Required work:
When you reach the records below, output every one exactly as written but leave out any pictures.

___ Data records ___

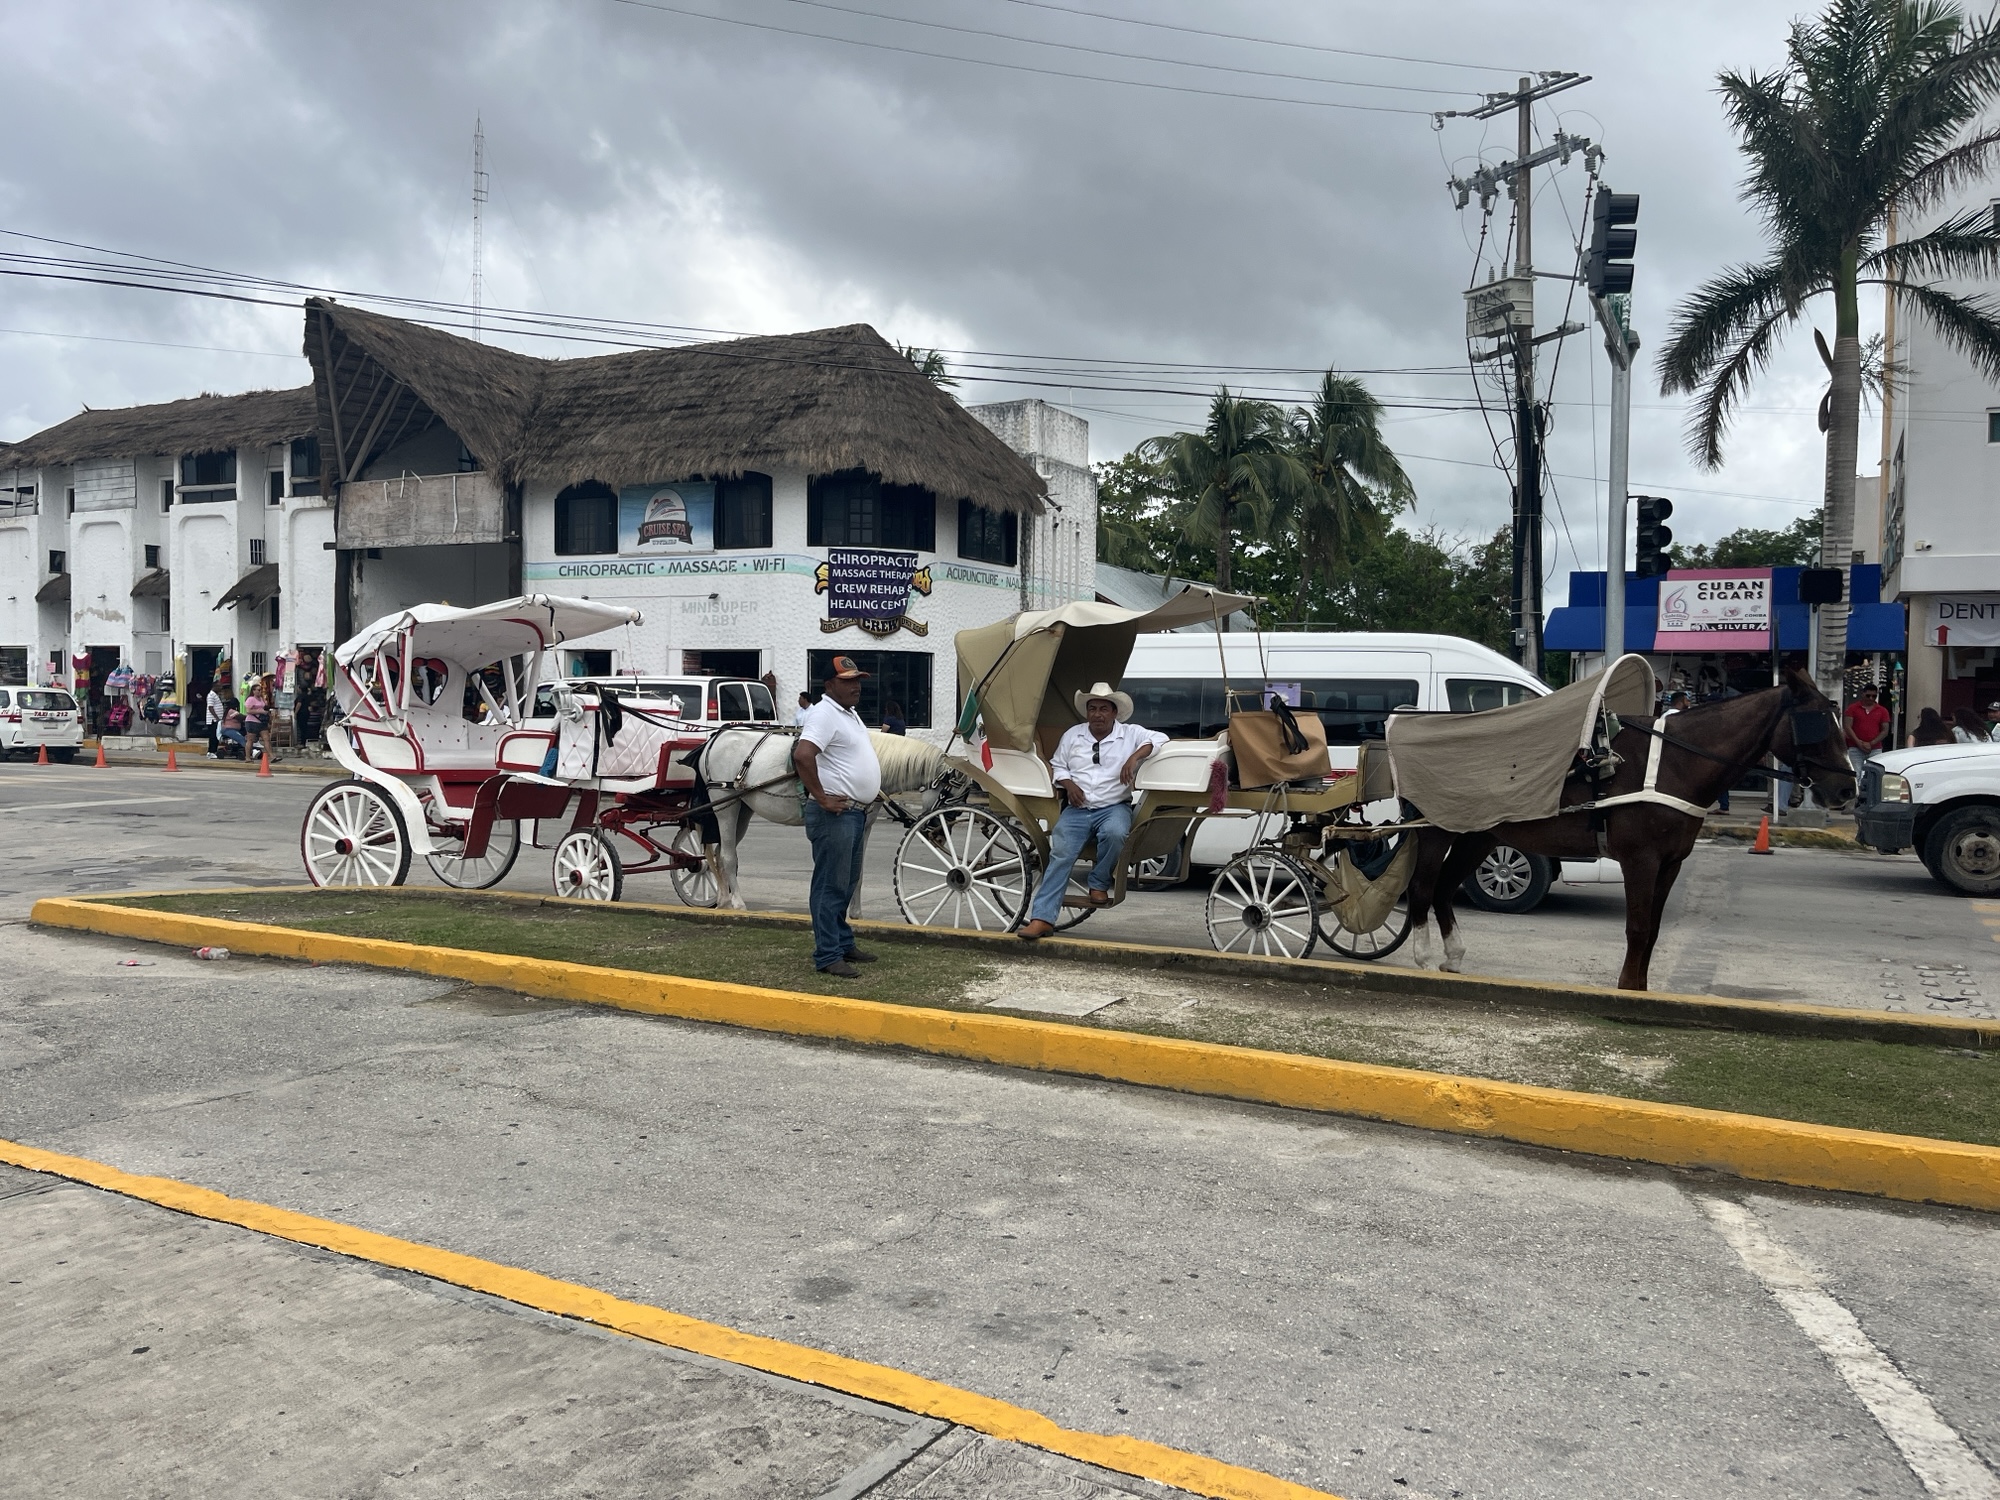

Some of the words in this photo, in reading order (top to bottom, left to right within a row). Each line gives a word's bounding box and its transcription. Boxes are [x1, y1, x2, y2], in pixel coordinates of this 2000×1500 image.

[644, 522, 671, 537] CRUISE
[671, 523, 687, 537] SPA
[559, 562, 656, 577] CHIROPRACTIC
[668, 560, 738, 574] MASSAGE
[753, 557, 786, 572] WI-FI
[832, 568, 877, 578] MASSAGE
[946, 566, 999, 586] ACUPUNCTURE
[834, 583, 867, 594] CREW
[869, 584, 906, 595] REHAB
[1697, 581, 1765, 591] CUBAN
[1697, 590, 1765, 601] CIGARS
[680, 600, 759, 614] MINISUPER
[830, 599, 879, 610] HEALING
[1940, 602, 2000, 619] DENT
[700, 614, 739, 626] ABBY
[862, 618, 899, 632] CREW

___

Answer to this task:
Some of the words in this photo, in reading order (top to bottom, left to right within a row). Each line gives a word's bounding box and its transcription. Boxes are [x1, y1, x2, y2], in pixel coordinates of this 2000×1500 image.

[644, 522, 671, 537] CRUISE
[671, 523, 687, 537] SPA
[559, 562, 656, 577] CHIROPRACTIC
[668, 560, 738, 574] MASSAGE
[753, 557, 786, 572] WI-FI
[832, 568, 877, 578] MASSAGE
[946, 566, 999, 586] ACUPUNCTURE
[834, 583, 867, 594] CREW
[869, 584, 906, 595] REHAB
[1697, 581, 1765, 591] CUBAN
[1697, 590, 1765, 601] CIGARS
[680, 600, 759, 614] MINISUPER
[830, 599, 879, 610] HEALING
[1940, 602, 2000, 619] DENT
[700, 614, 739, 626] ABBY
[862, 618, 899, 632] CREW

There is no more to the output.